Soon-Shiong has also gotten his daughter and son interested in helping the less fortunate.

“There’s a woman downtown, Sister Rose, who feeds between 200 to 400 people every day without a lot of fanfare,” he says. “A few years ago I wanted to show my children what she did. She gave us a tour. We come to find out that she has no bank account and was funding the food kitchen from cash donations and selling cardboard boxes for recycling.

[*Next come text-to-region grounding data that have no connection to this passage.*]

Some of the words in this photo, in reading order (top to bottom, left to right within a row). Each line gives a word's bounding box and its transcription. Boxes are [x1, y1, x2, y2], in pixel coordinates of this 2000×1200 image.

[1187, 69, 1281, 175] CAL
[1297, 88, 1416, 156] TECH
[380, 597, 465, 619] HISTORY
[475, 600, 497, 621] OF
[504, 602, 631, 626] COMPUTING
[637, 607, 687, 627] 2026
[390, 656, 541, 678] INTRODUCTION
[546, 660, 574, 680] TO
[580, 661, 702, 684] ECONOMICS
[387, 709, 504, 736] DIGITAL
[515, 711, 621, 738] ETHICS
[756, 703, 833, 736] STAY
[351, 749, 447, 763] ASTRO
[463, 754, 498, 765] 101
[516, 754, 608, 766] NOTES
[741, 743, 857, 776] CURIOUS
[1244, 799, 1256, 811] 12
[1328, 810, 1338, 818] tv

“It was an incredible lesson for my kids to see what she and Father John, her partner, had been able to do with very few resources. We later arranged to get them some equipment and other help, practical things that would not overwhelm them. That was sort of the genesis of how we wanted to approach our giving. Writing a check can be the easy way, but not always the best way. I had to figure out what could I contribute, hands on, with my life experiences in health care. And my daughter now volunteers downtown and with other groups because of that experience.”

The family shares more than charitable work. Soon-Shiong carefully arranges his schedule so he can drive his daughter to school each day and to be there for her soccer games. He plays tennis with her as well. With his son he goes surf fishing for perch. The entire family surfs and plays basketball together.